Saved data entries
▬▬▬

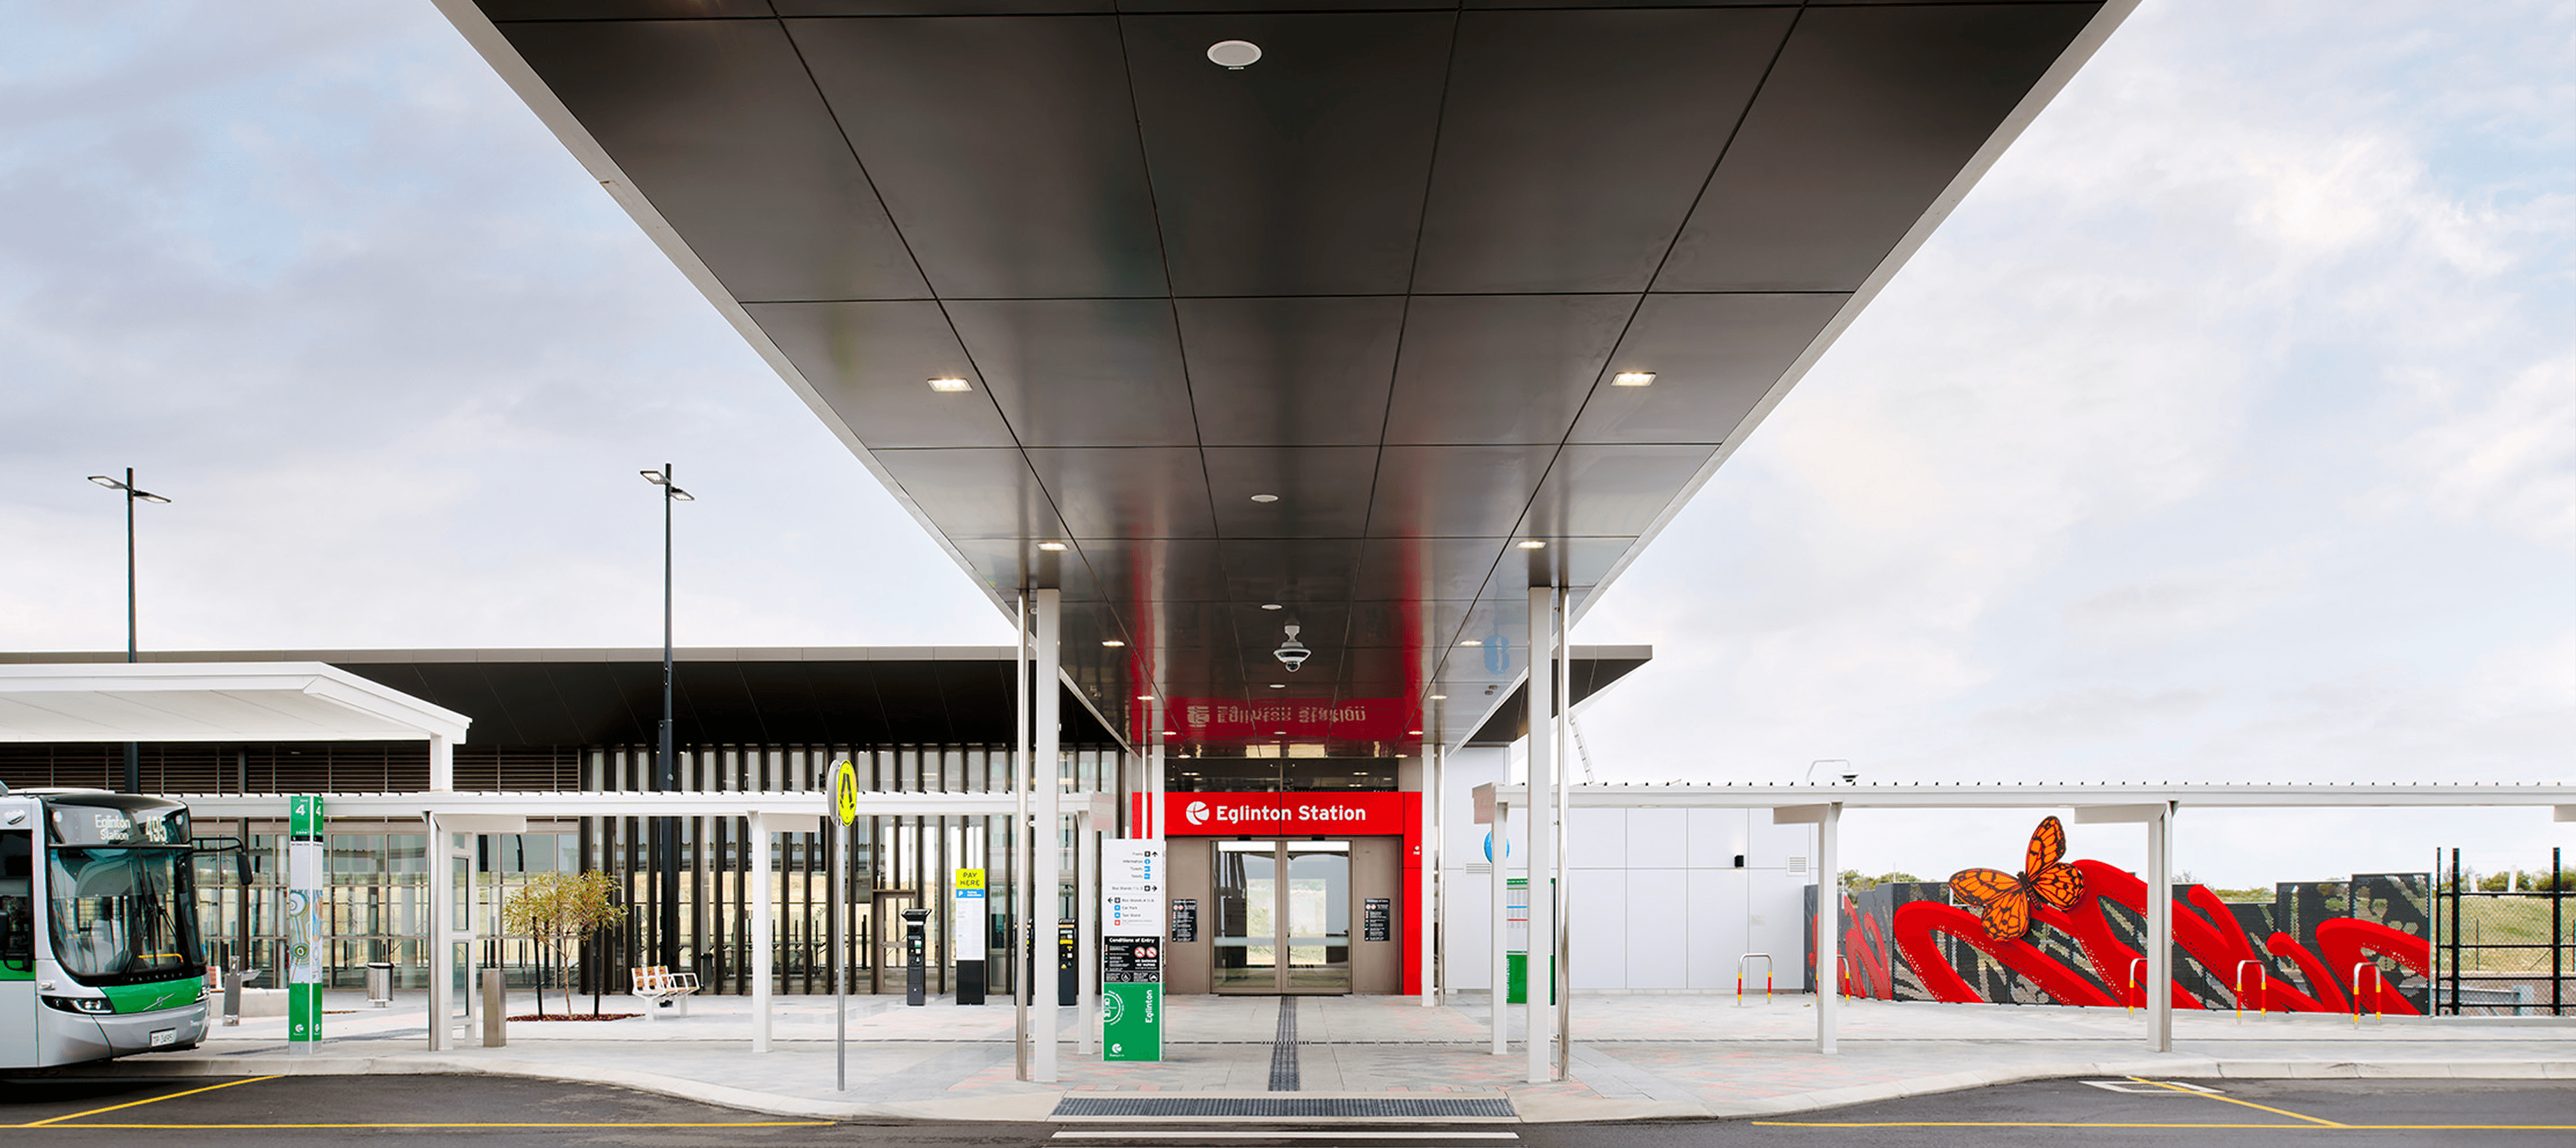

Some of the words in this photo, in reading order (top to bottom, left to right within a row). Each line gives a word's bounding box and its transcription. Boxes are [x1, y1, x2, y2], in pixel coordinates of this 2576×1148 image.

[295, 804, 306, 816] 4
[315, 805, 322, 816] 4
[1217, 805, 1291, 824] Eglinton
[1298, 805, 1366, 821] Station
[94, 814, 131, 830] Eglinton
[145, 816, 168, 842] 495
[100, 829, 129, 840] Station
[1145, 989, 1154, 1023] Eglinton
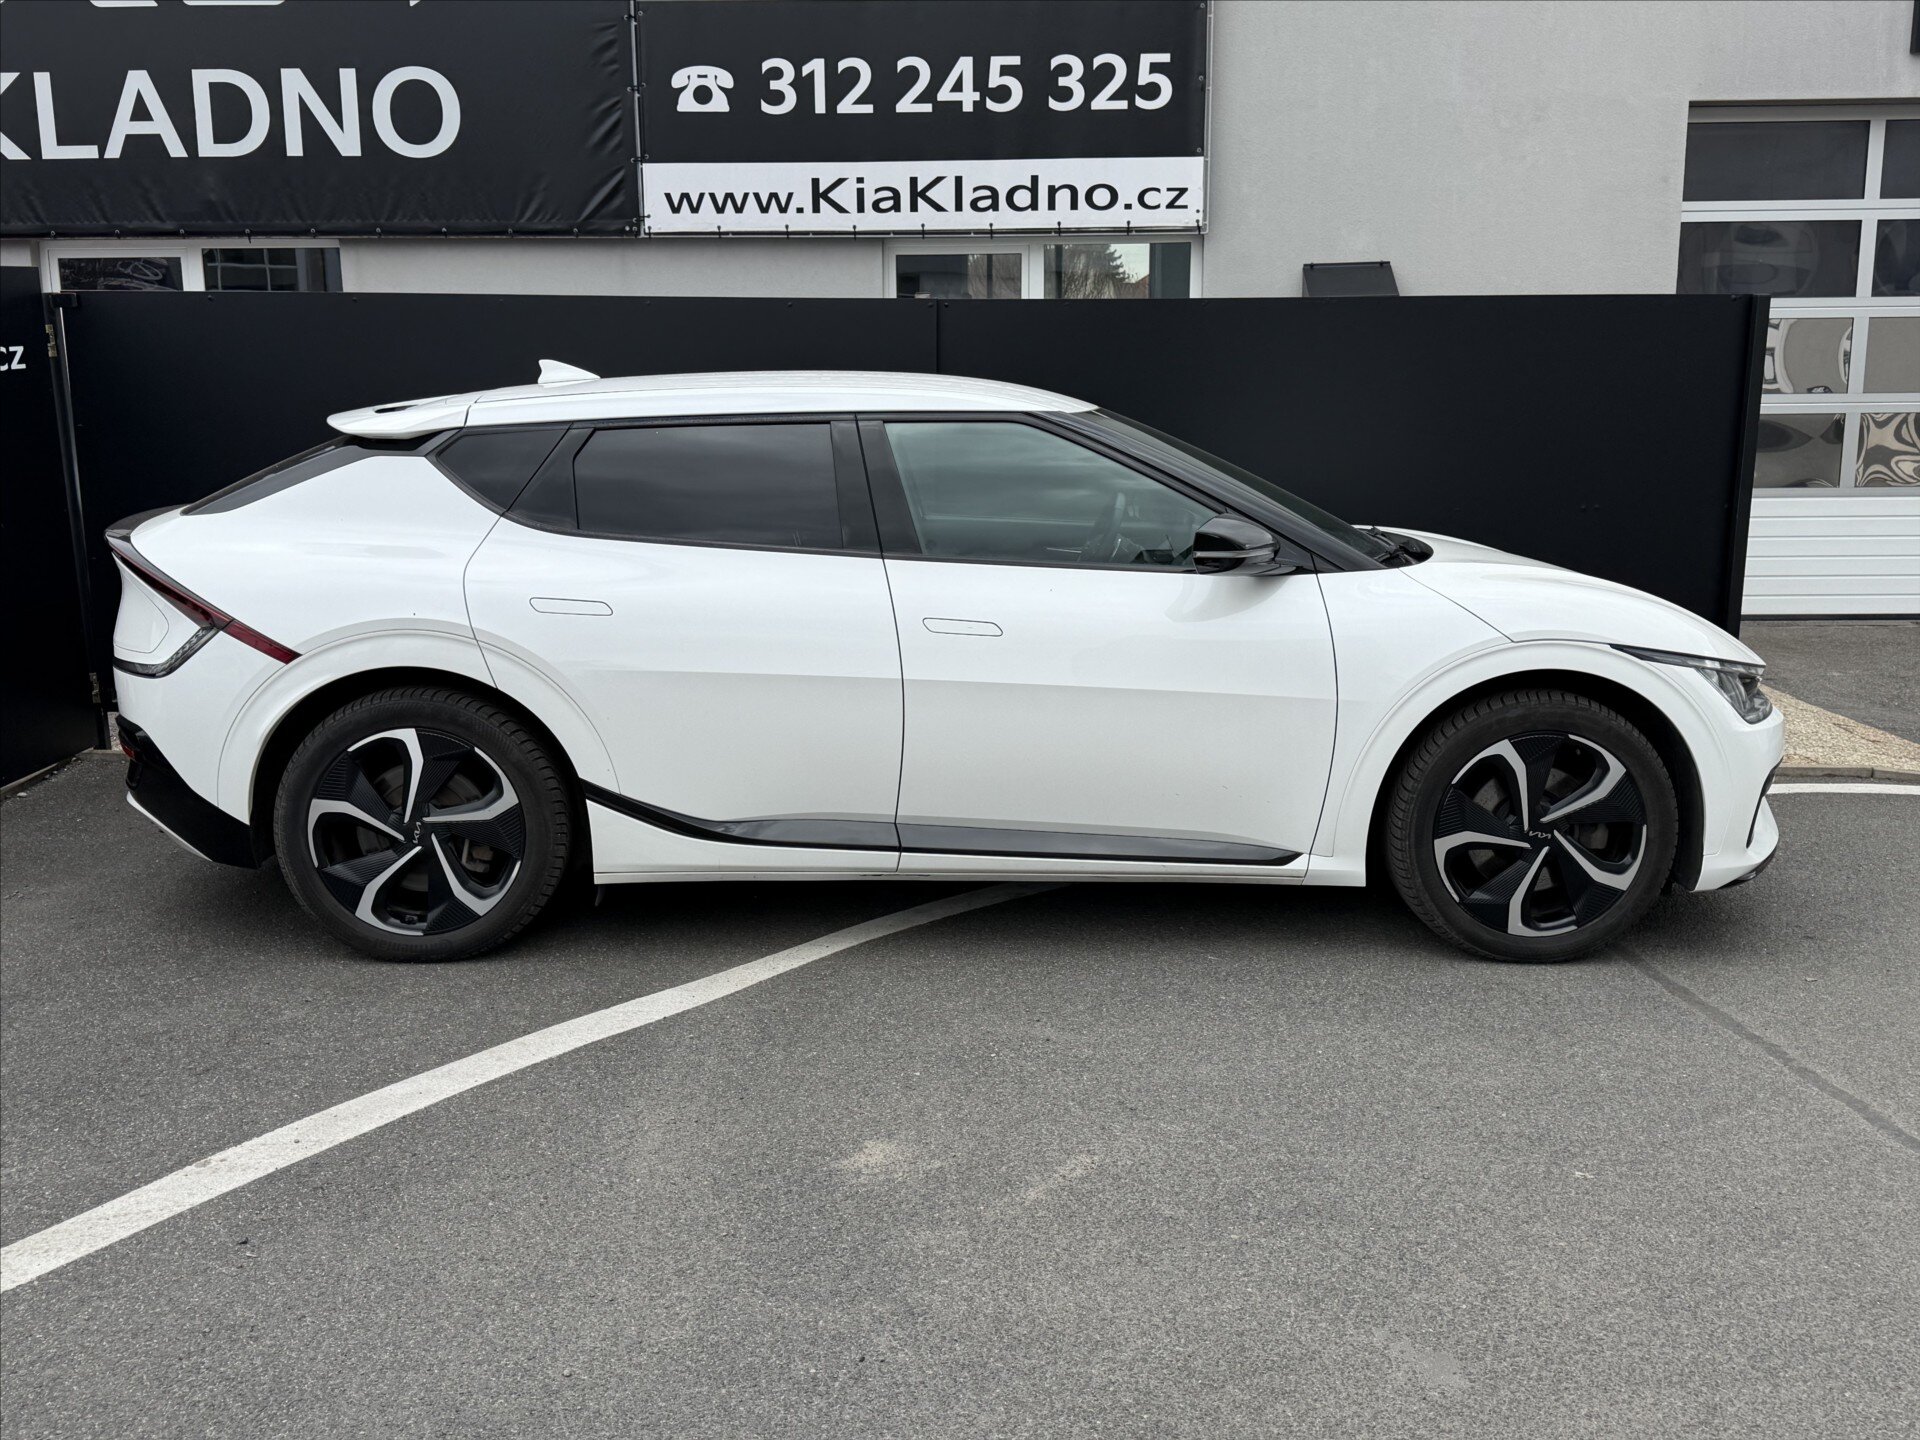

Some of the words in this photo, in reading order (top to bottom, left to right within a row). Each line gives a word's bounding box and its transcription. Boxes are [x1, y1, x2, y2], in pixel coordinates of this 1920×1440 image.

▬▬▬

__About this exercise__: Images do not belong in the copy; reproduce all other parts of the records above verbatim.

__Expected answer__:
Some of the words in this photo, in reading order (top to bottom, left to right within a row). Each line gives a word's bounding box and its transcription. Boxes are [x1, y1, x2, y2], in pixel coordinates of this 2576×1148 image.

[295, 804, 306, 816] 4
[315, 805, 322, 816] 4
[1217, 805, 1291, 824] Eglinton
[1298, 805, 1366, 821] Station
[94, 814, 131, 830] Eglinton
[145, 816, 168, 842] 495
[100, 829, 129, 840] Station
[1145, 989, 1154, 1023] Eglinton

Some of the words in this photo, in reading order (top to bottom, left to right within a row). Each line gives a word's bounding box and its transcription. Boxes are [x1, y1, x2, y2], in pixel coordinates of this 1920×1440 image.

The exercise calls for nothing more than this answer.